Interpretive Summary: A common goal for water resource managers in the southwestern United States, and arid and semiarid regions worldwide, is to ensure long-term water supplies for increasing human populations. In these regions, evapotranspiration (ET) is an important component of the water budget and has large implications for water resources management. We used satellite data and measured ET from three riparian-influenced and two upland, water-limited sites to develop a computer model that could estimate ET with satellite and rainfall data alone. We found that two separate models were needed: one for the riparian sites and another for the dry upland sites due to the complete dependency of the upland sites on rainfall. These models can be used in combination to estimate total annual ET across a watershed provided that each region is classified appropriately. This approach improves accuracy of ET estimates at large scales while accounting for daily to seasonal fluctuations in ET.

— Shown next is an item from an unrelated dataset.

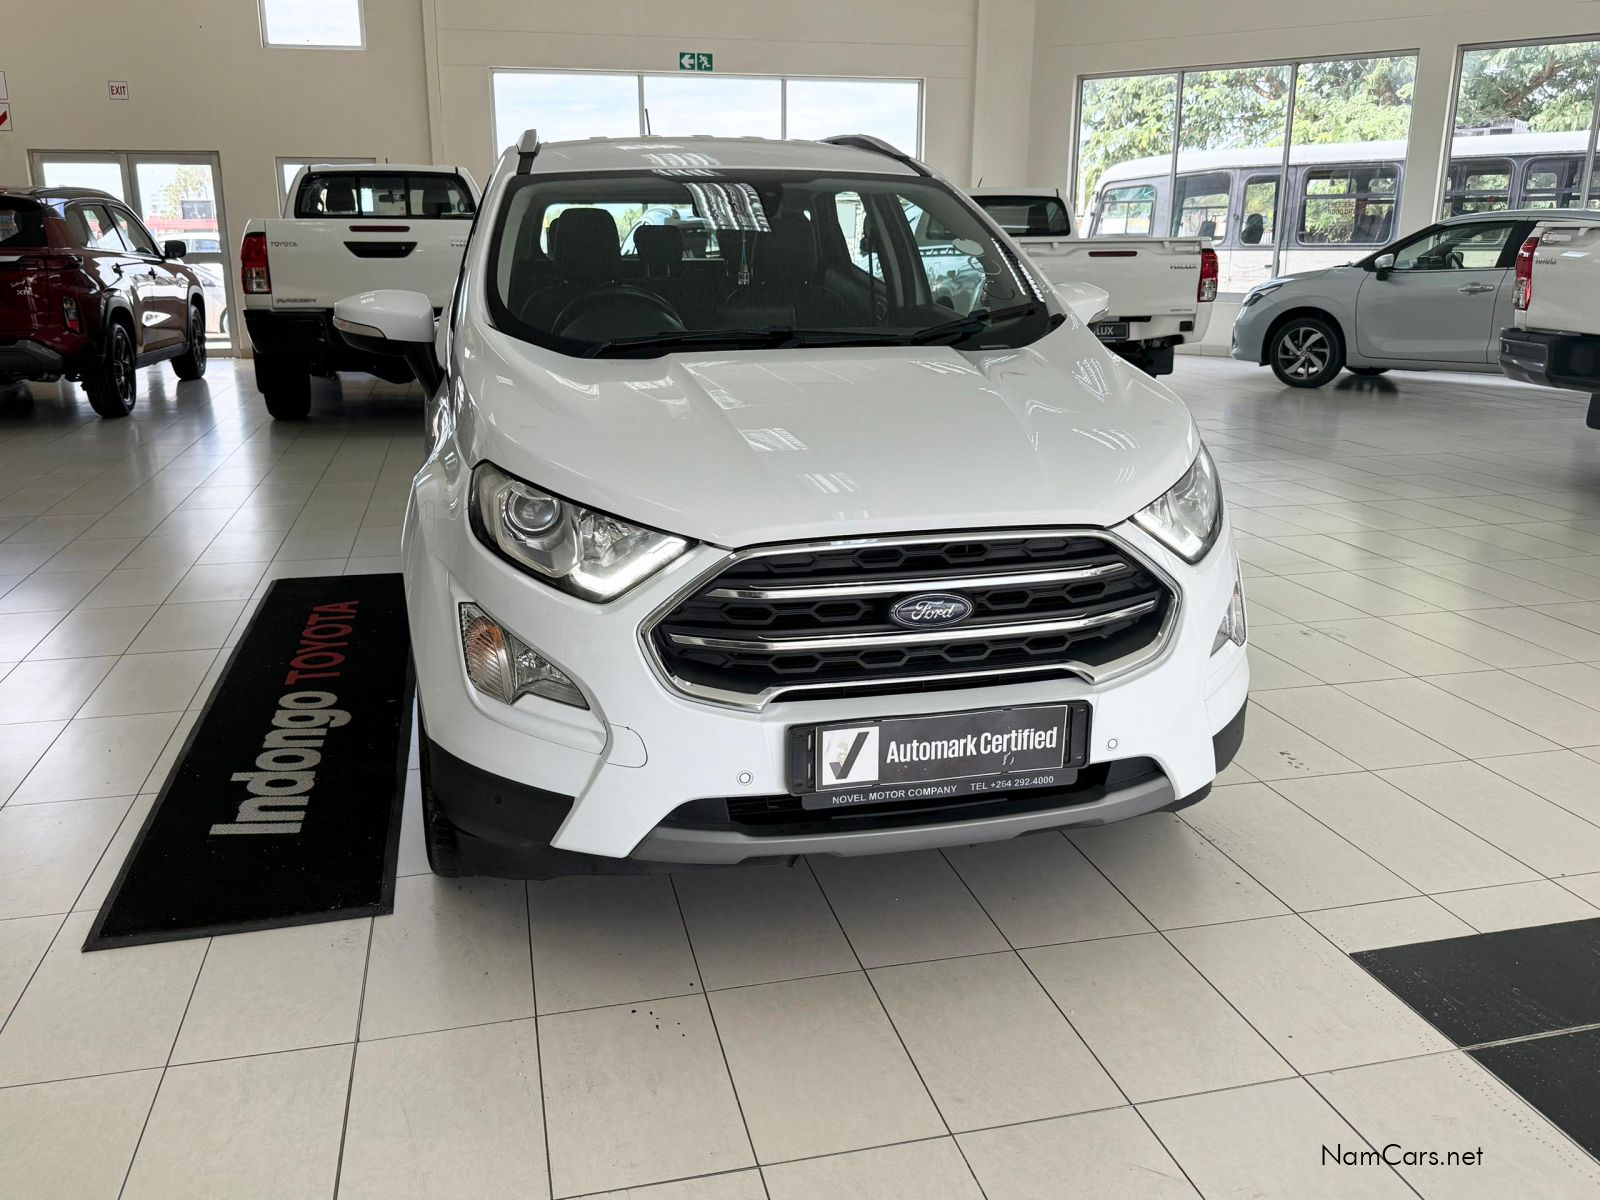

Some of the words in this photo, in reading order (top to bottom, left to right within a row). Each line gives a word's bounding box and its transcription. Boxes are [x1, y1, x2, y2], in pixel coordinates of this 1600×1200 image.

Technical Abstract: Water resource managers aim to ensure long-term water supplies for increasing human populations. Evapotranspiration (ET) is a key component of the water balance and accurate estimates are important to quantify safe allocations to humans while supporting environmental needs. Scaling up ET measurements from small spatial scales has been problematic due to spatiotemporal variability. Satellite data provide spatially distributed remote sensing products that account for seasonal climate and vegetation variability. We used MODIS products [i.e., Enhanced Vegetation Index (EVI) and nighttime land surface temperatures (LSTn)] to create an empirical ET model calibrated using measured ET from three riparian-influenced and two upland, water-limited flux tower sites. Results showed that combining all sites introduced systematic bias, so we developed separate models to estimate riparian and upland ET. While EVI and LSTn were the main drivers for ET in riparian sites, precipitation replaced LSTn as the secondary driver of ET in upland sites. Riparian ET was successfully modeled using an inverse exponential approach (r2 = 0.92) while upland ET was adequately modeled using a multiple linear regression approach (r2 = 0.77). These models can be used in combination to estimate ET at basin scales provided each region is classified and precipitation data is available. This approach improves accuracy of ET estimates at large scales while accounting for daily to seasonal fluctuations.